Second, since the storage units are not fixed in place, they can be removed from the main body of the warehouse’s operating area without wider disruption. While items will still need some rearranging, this can be digitally monitored and managed automatically. Your staff will not notice the difference as they work at picking stations and other parts of the warehouse.
With a system that makes surface sterilisation much simpler, you have a better chance of maintaining complete counter-contagion security in your warehouse.
Simplified quarantine procedures
Pandemics sometimes make it necessary to quarantine items when they arrive. This will mean setting them aside in a specified area of the warehouse until you can be confident that any potential contagious agent is no longer dangerous. Such arrangements are far more easily managed with a flexible robotics automation solution.
In a manual warehouse, a quarantine space can become disruptive. Every other aspect of the warehouse operation has to be moved so as to avoid the quarantine space. Staff will need new training, new routes will need to be planned, and new systems have to be developed and implemented to factor a quarantine area as part of the operations. Every aspect of this is time-consuming and difficult.
With an automated robotic solution, you can easily meet the challenges brought on by quarantine procedures. With no fixed storage units, a flexible warehouse can be rearranged to feature a quarantine area much more quickly. With WMS managing routes and adapting to new and varying volumes of incoming product, this quarantine space can be managed without additional work from staff.
The end result is minimal disruption to your business’s overall operation. Your staff stay safer, your workplace works faster.

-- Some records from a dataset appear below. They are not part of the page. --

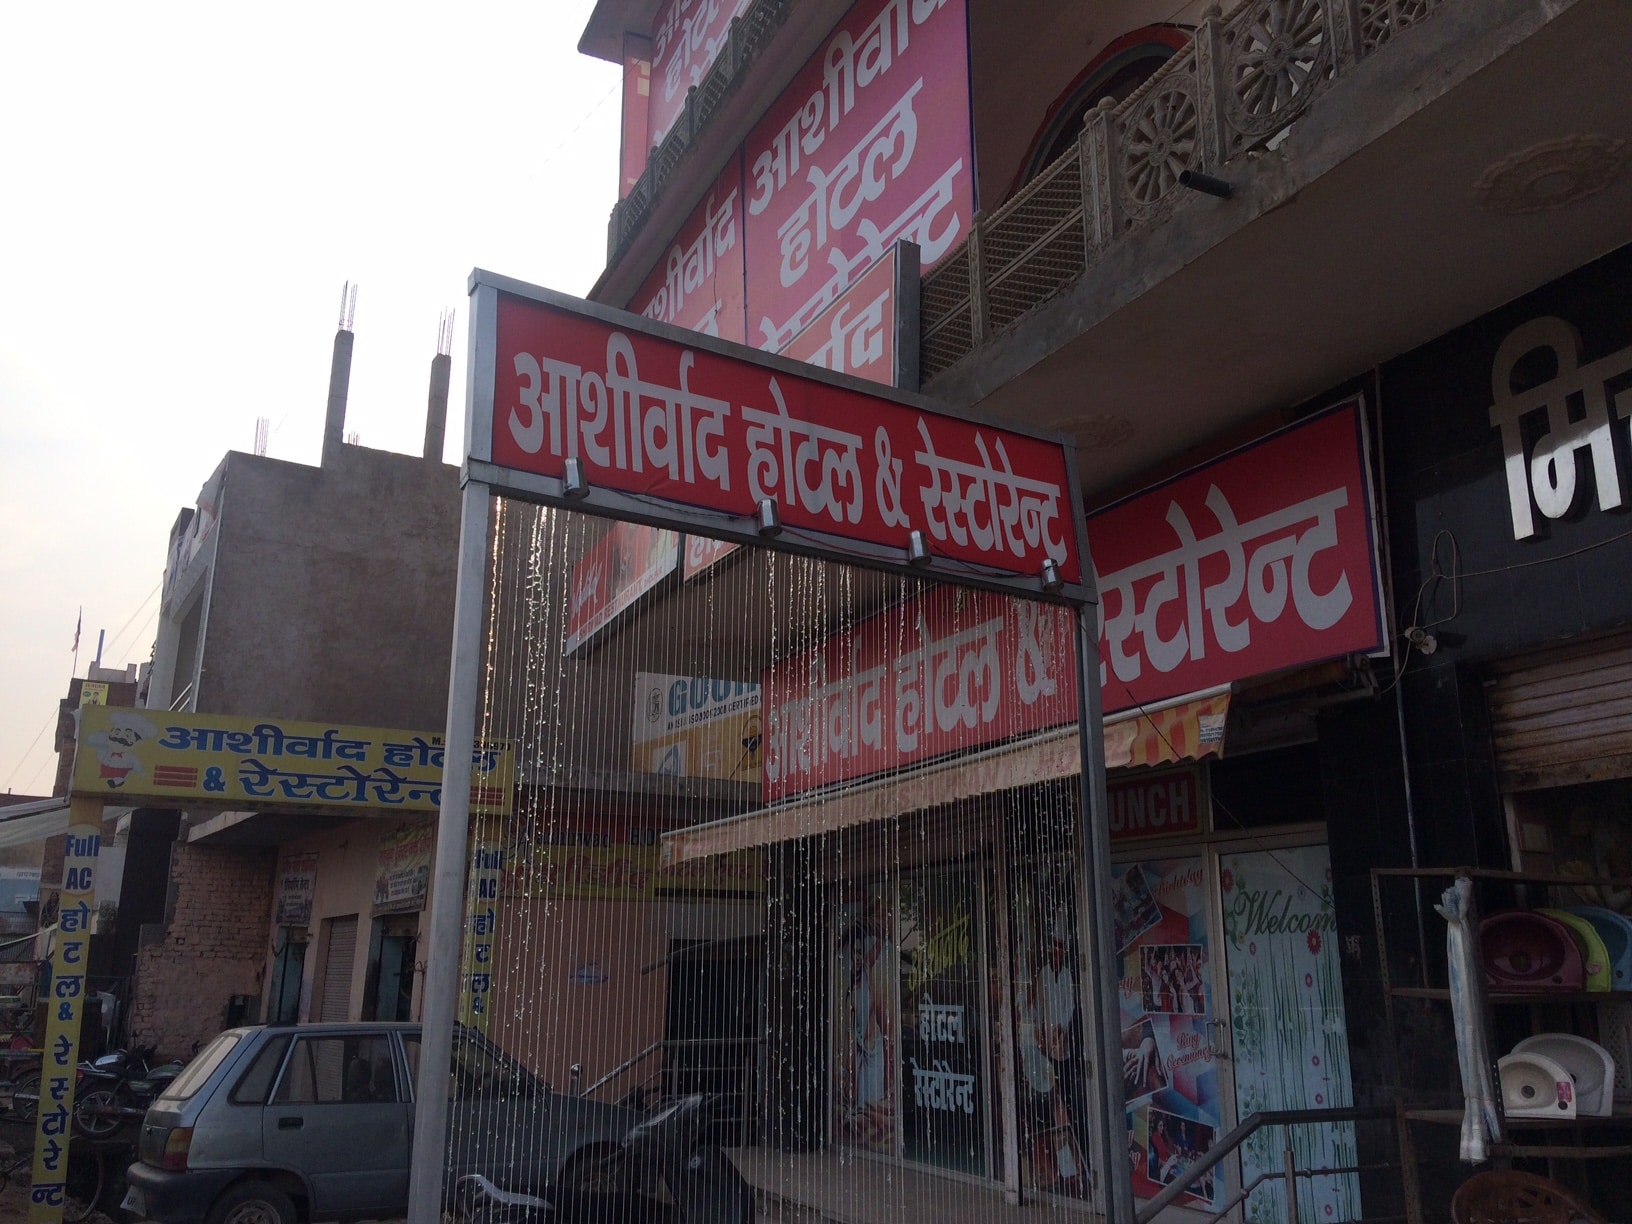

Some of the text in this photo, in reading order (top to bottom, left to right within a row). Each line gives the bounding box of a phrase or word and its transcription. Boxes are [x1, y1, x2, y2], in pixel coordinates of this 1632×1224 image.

[777, 77, 923, 288] होटल
[507, 331, 731, 491] आशीर्वाद
[742, 376, 862, 524] होटल
[875, 425, 910, 529] &
[914, 416, 1069, 569] रेस्टोरेन्ट
[893, 612, 1004, 754] होटल
[1015, 600, 1058, 706] &
[158, 722, 371, 762] आशीर्वाद
[202, 765, 227, 793] &
[1107, 780, 1190, 832] UNCH
[66, 834, 100, 857] Full
[66, 867, 92, 890] AC
[479, 878, 497, 898] AC
[57, 1002, 74, 1021] &
[918, 992, 965, 1044] होटल
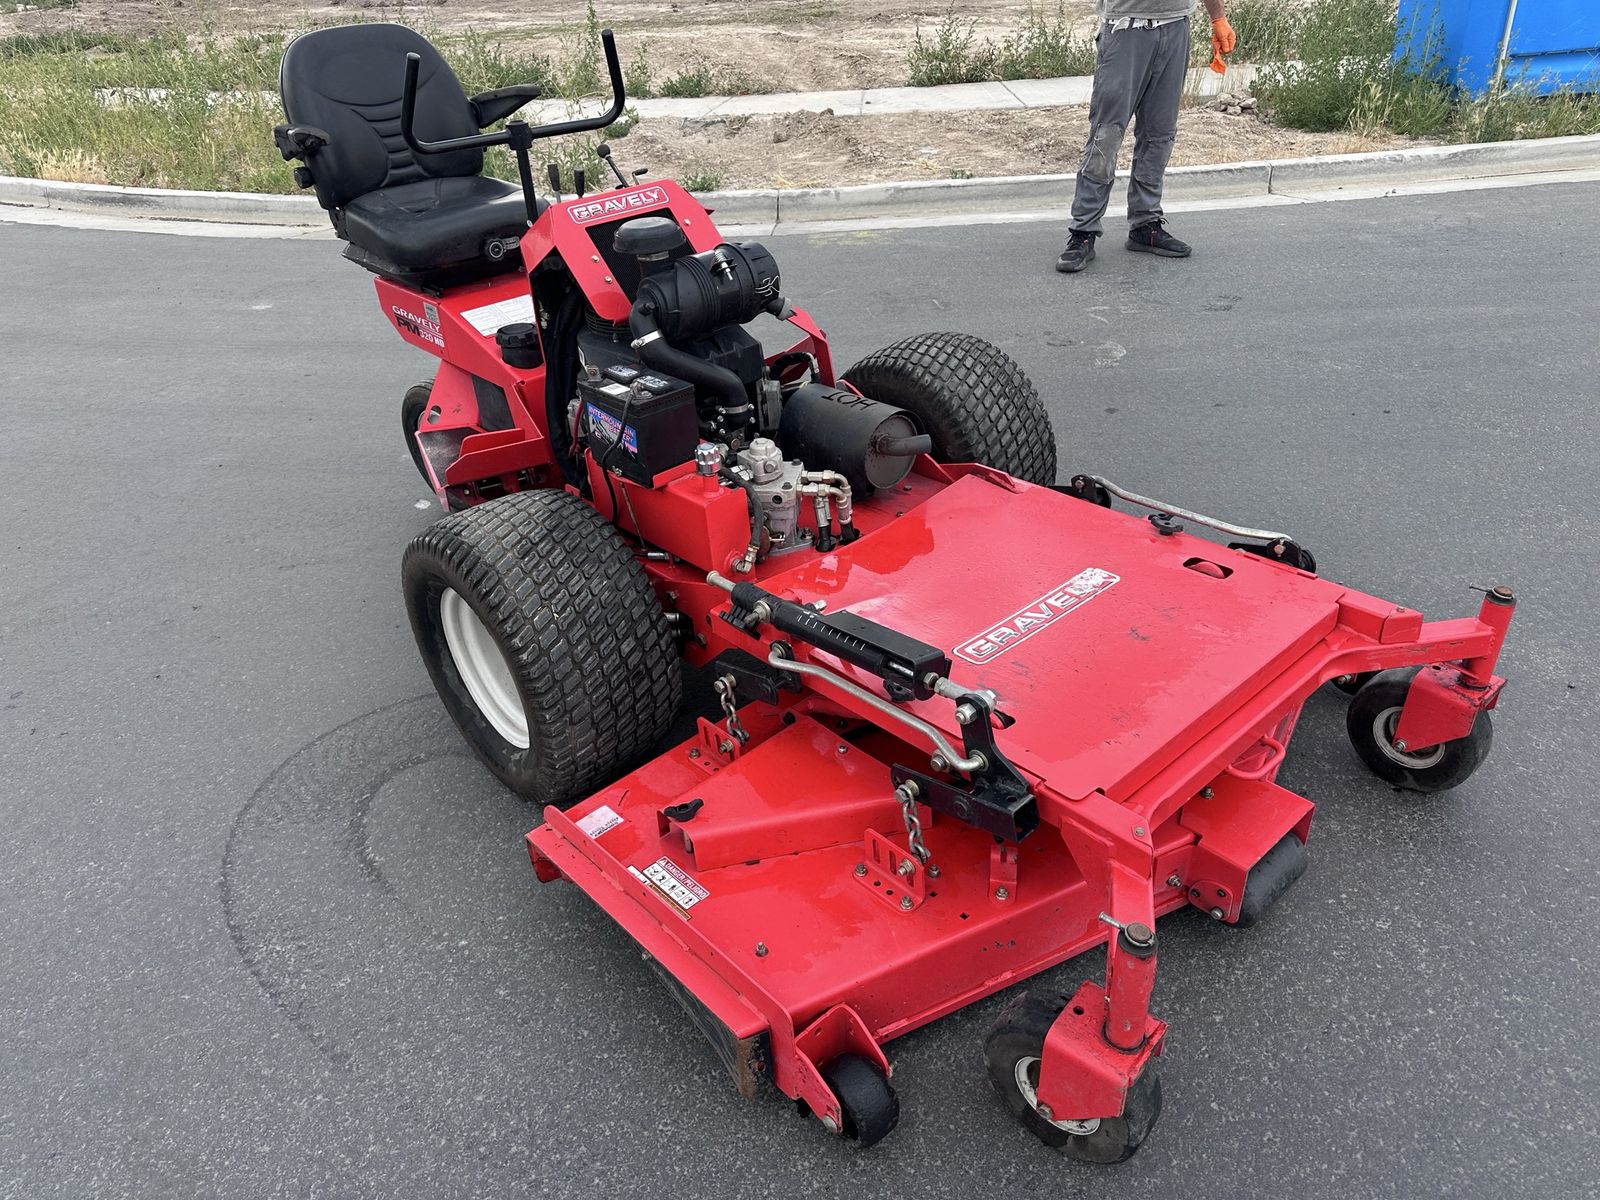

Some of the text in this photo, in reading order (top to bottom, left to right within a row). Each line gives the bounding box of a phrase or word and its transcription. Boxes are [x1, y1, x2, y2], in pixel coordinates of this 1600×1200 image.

[572, 189, 661, 220] GRAVELY
[392, 305, 441, 333] GRAVELY
[821, 391, 878, 411] HOT
[588, 405, 634, 437] INTERMOUNAIN
[608, 424, 634, 443] BATERY
[665, 861, 708, 900] DANGER/PELIGRO

Contagion security is maintained, and inefficiency is averted.
Robust warehouse operation
Flexible automation is the future of so many industries, and among the very biggest is the fact that it presents a much more robust warehouse operation model.
With the level of warehouse automation offered by industry 4.0, disruption will become both rarer, and easier to deal with when it happens. Your business can handle future turbulent times, as you implement systems increasingly impervious to outside events.
Contagion security is a crucial aspect of long term planning for any business using warehouses. With the automation model provided by OWR, you can be confident that you have a robust and minimally-disrupted operation that will stand the test of time.